The Kina (ISO 4217 currency code: PGK, the currency symbol: K) is the currency of Papua New Guinea. It is divided into 100 toea. The name Kina is derived from Kuanua language of the Tolai region, referring to a pearl shell used widely for trading in both the Coastal and Highlands areas of the country.

==History==
The kina was introduced on 19 April 1975 and circulated along with the Australian dollar until 31 December 1975. The two currencies were equal in value (K1 = A$1). The next day, the dollar ceased to be legal tender in Papua New Guinea.

Until 25 July 1976, the kina was at parity with the Australian dollar, after which it was revalued to A$1.05, then further revalued to A$1.1812 on 28 November, then devalued to A$1.155 on 13 December.

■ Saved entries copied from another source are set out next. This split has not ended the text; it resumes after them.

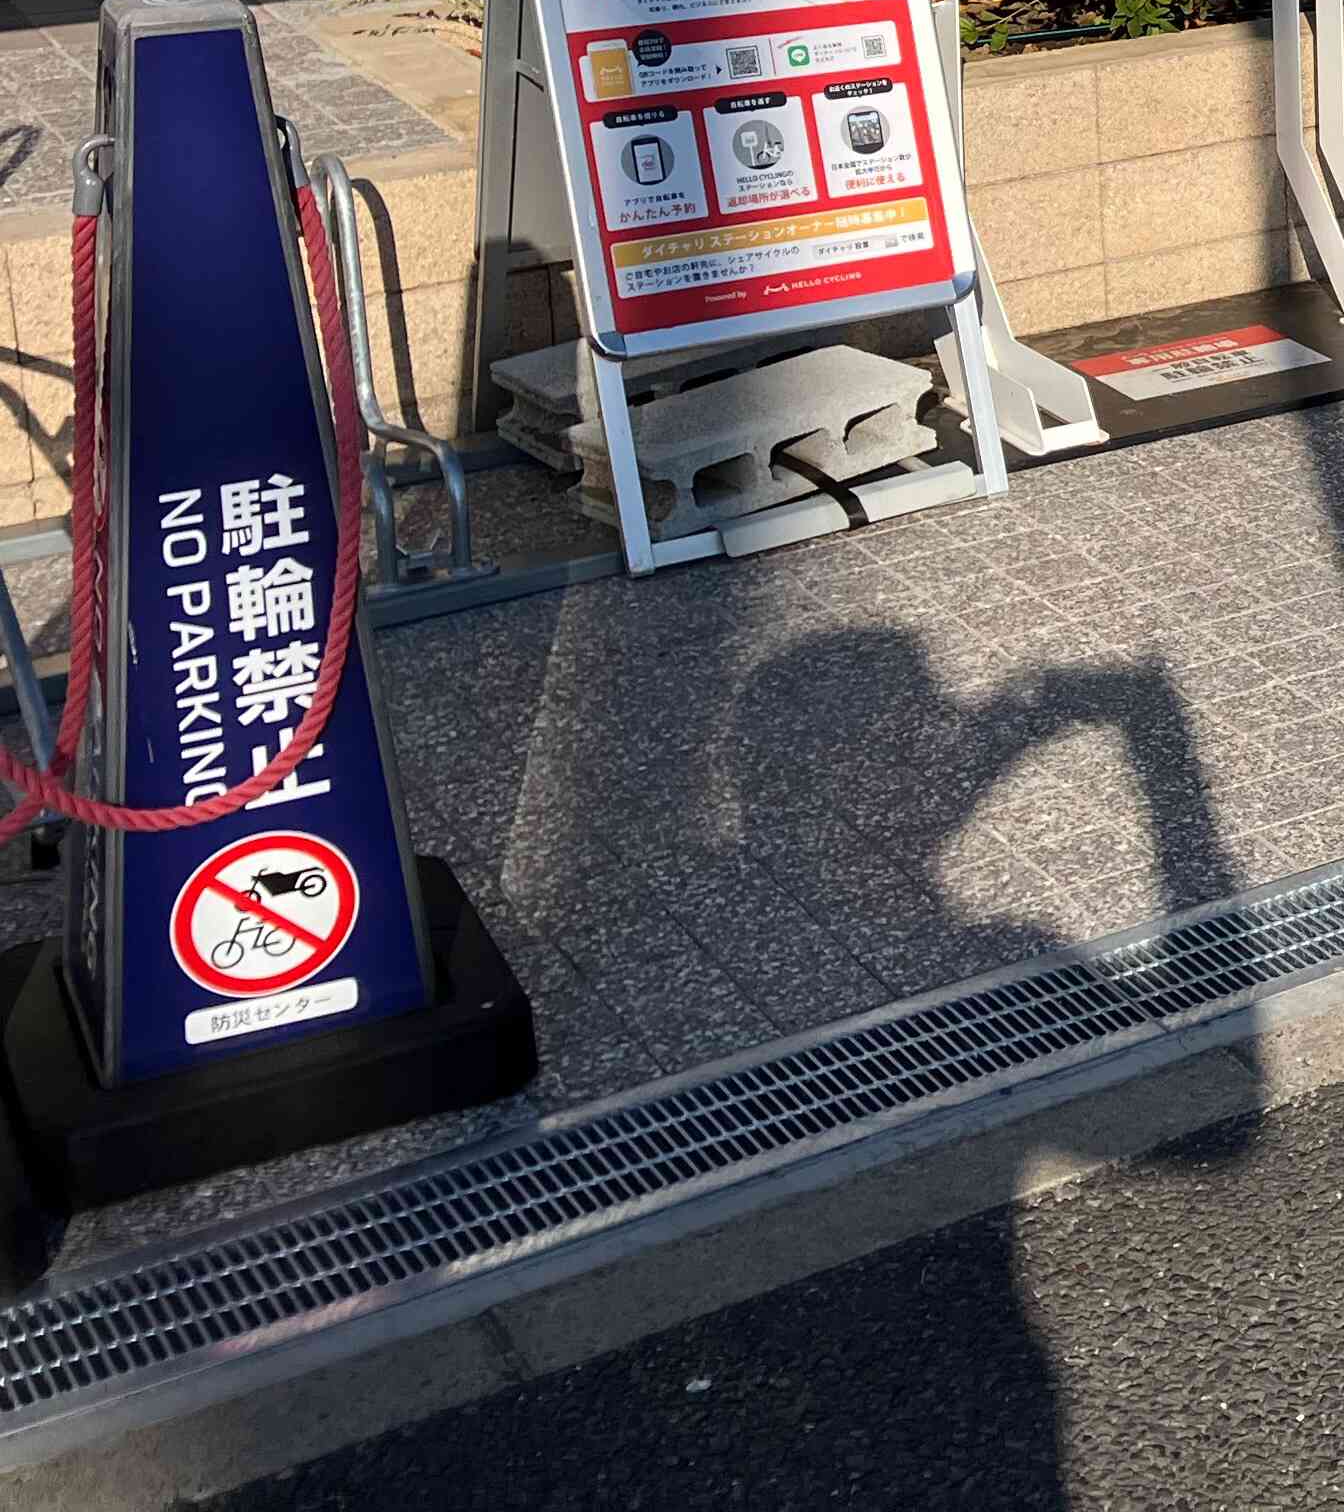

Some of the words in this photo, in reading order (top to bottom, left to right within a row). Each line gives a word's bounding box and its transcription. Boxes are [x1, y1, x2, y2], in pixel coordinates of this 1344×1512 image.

[845, 172, 906, 189] 便利に使える
[620, 202, 696, 223] かんたん予約
[642, 238, 704, 259] ダイチャリ
[791, 276, 821, 289] HELLO
[823, 272, 863, 285] CYCLING
[158, 488, 208, 567] NO
[220, 473, 331, 810] 駐輪禁止
[210, 992, 333, 1034] 防災センター

The kina has been a historically stable currency; the economy has never experienced exorbitant rates of monetary inflation.

During its early years, the kina experienced an appreciation relative to the Australian dollar, reaching a value of approximately A$1.30 in 1980. The kina reached a peak relative to the Australian dollar in 1986 (K1 = A$1.54). The kina remained stable until 1995, when the country started experiencing double-digit annual rates of inflation, causing its value to drop gradually. The kina fell below the Australian dollar in 1996. Elevated rates of inflation persisted, and by 2002, the value of the kina fell below A$0.50. For most of the time since then, with the exception of between September 2008 and March 2009, the kina traded below A$0.50.

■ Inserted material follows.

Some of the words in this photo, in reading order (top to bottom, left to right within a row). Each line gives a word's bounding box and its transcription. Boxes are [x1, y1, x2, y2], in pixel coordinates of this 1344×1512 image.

The average exchange rate of one kina in September 2022 was: K1 = US$0.2840, which means that US$1 = K3.52.

==Coins==
In 1975, coins were introduced for 1, 2, 5, 10 and 20 toea and 1 kina. The 1 and 2 toea were minted in bronze, with the others in cupronickel. The 1 kina is round and holed in the centre, this denomination was reduced in size starting from 2006, and the larger coin was demonetised from 31 December 2008. 2008 also saw the introduction of a bimetallic 2 kina coin intended to replace the 2 kina note.

The withdrawal of the 1 and 2 toea coins also occurred in 2006 and as from 19 April 2007 are also no longer legal tender. The obverse of a 1 toea coin displays a birdwing butterfly, while a 2 toea coin has a lionfish on its obverse.
In 1980, 50 toea coins were introduced but only issued in commemorative form without a standard design. In 2021, a 50 toea coin was issued for general circulation, utilizing the birdwing butterfly design previously used on the now withdrawn 1 toea coin.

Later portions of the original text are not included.